Source data:

--

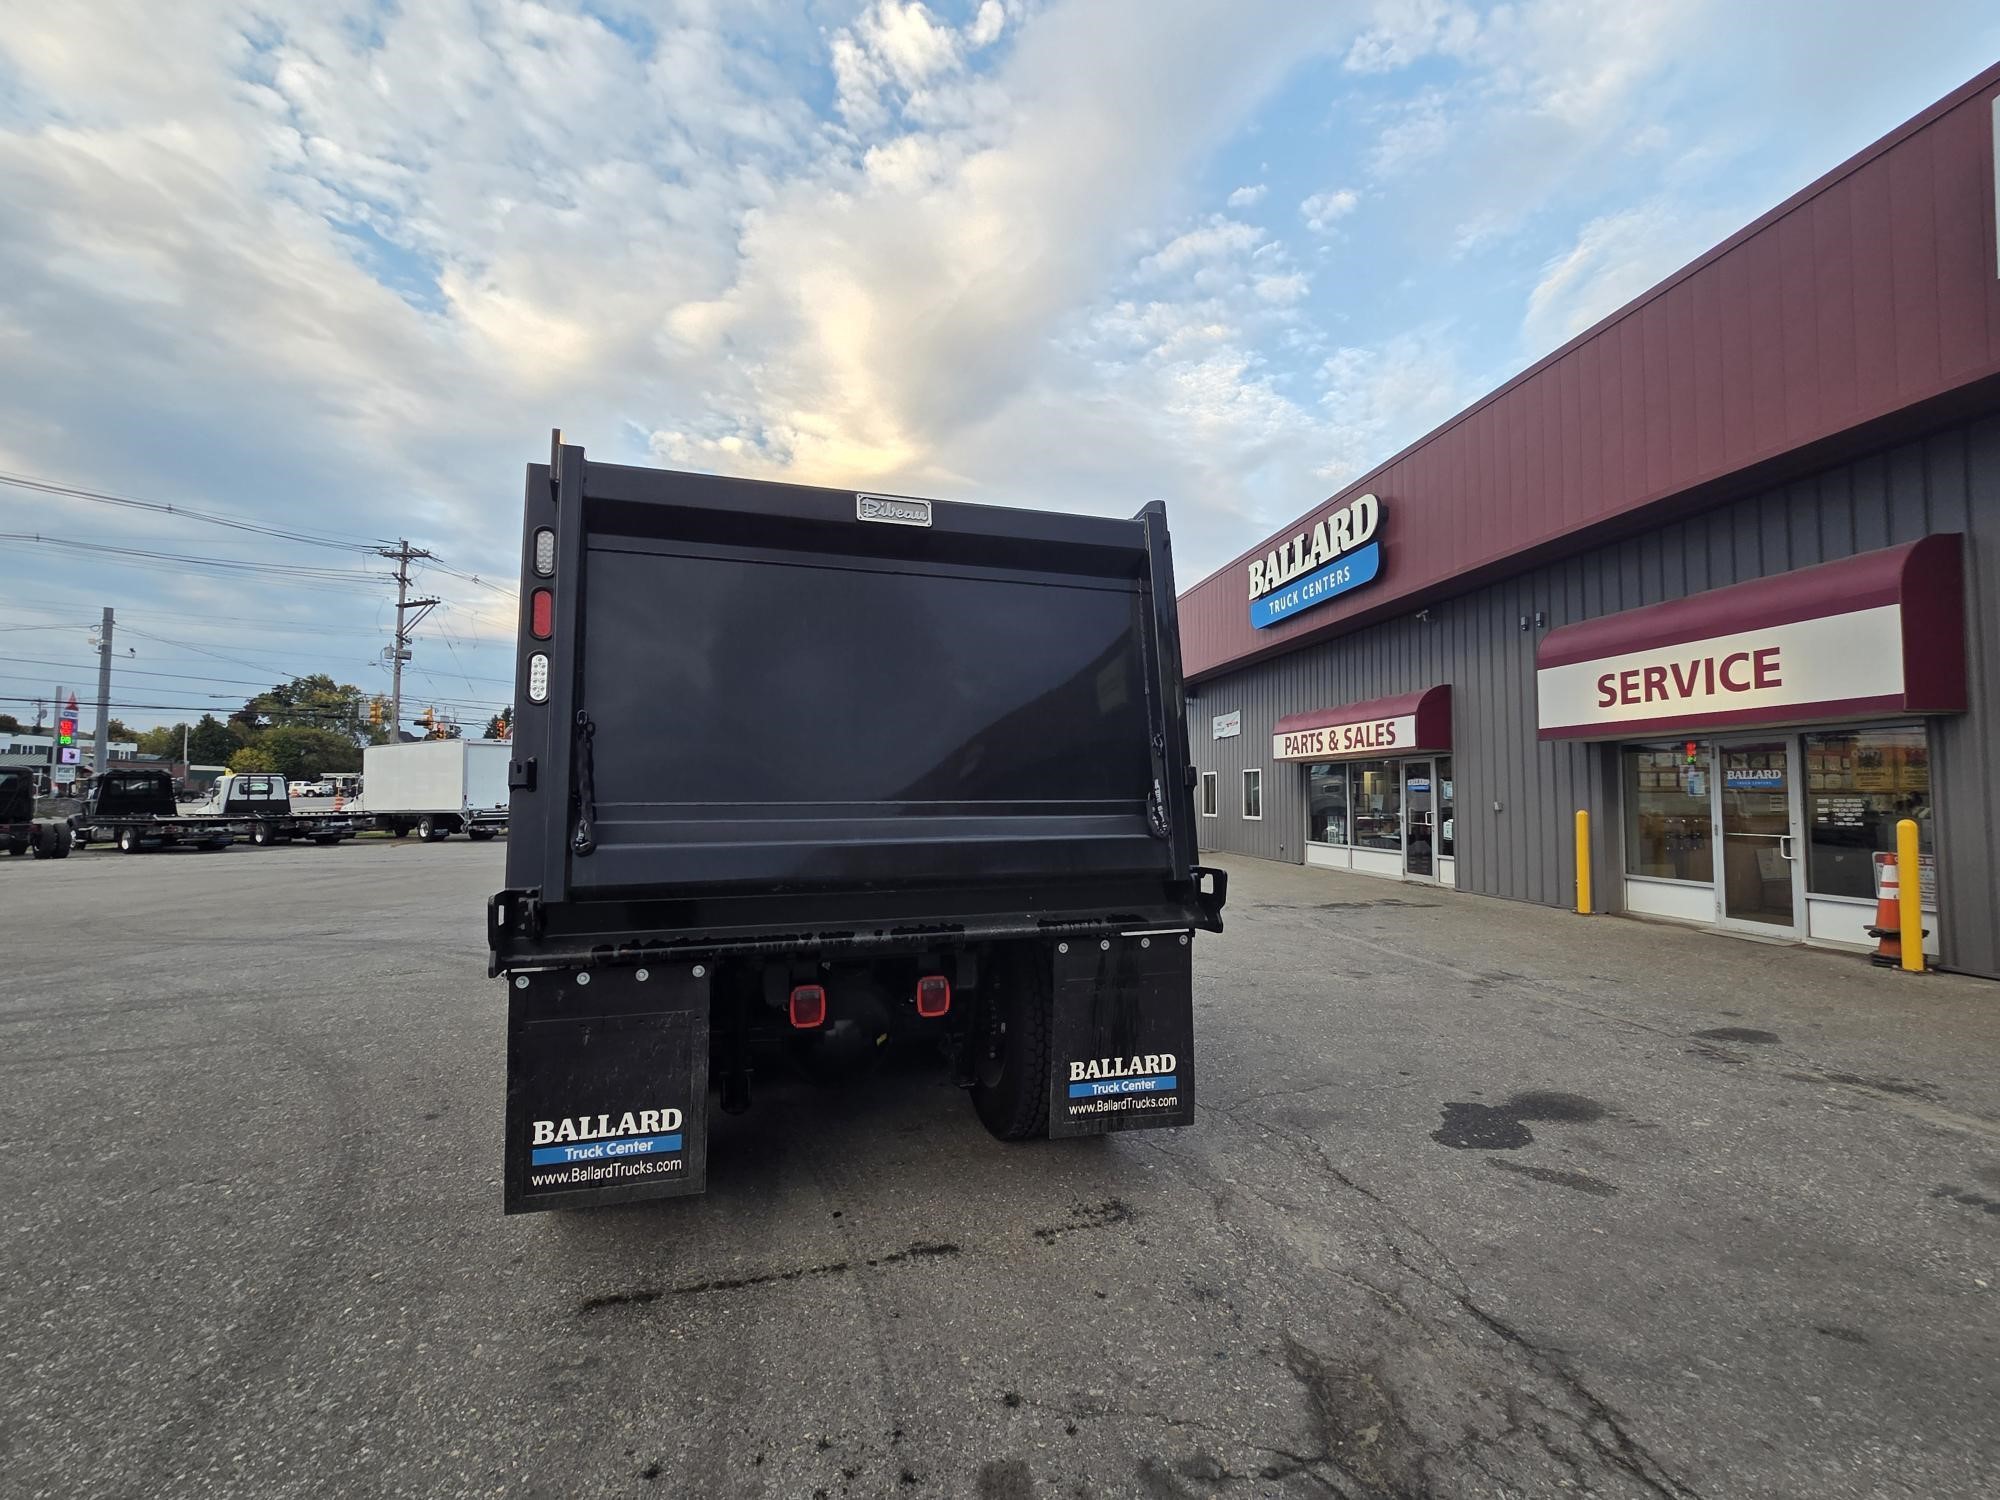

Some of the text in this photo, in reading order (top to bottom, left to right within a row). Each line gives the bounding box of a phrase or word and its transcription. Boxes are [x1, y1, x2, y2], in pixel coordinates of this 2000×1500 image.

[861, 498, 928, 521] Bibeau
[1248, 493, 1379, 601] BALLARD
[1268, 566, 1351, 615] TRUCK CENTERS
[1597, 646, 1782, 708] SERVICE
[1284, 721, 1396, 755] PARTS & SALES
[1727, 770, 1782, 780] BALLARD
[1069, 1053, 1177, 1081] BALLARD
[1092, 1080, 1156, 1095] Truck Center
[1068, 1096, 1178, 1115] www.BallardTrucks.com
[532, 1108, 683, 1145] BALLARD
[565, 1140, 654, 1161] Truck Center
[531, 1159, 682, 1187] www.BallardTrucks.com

--

WORK TASK => Every line above should be repeated exactly; pictures stay out of the copy.

FINISHED EXERCISE =>
Some of the text in this photo, in reading order (top to bottom, left to right within a row). Each line gives the bounding box of a phrase or word and its transcription. Boxes are [x1, y1, x2, y2], in pixel coordinates of this 2000×1500 image.

[861, 498, 928, 521] Bibeau
[1248, 493, 1379, 601] BALLARD
[1268, 566, 1351, 615] TRUCK CENTERS
[1597, 646, 1782, 708] SERVICE
[1284, 721, 1396, 755] PARTS & SALES
[1727, 770, 1782, 780] BALLARD
[1069, 1053, 1177, 1081] BALLARD
[1092, 1080, 1156, 1095] Truck Center
[1068, 1096, 1178, 1115] www.BallardTrucks.com
[532, 1108, 683, 1145] BALLARD
[565, 1140, 654, 1161] Truck Center
[531, 1159, 682, 1187] www.BallardTrucks.com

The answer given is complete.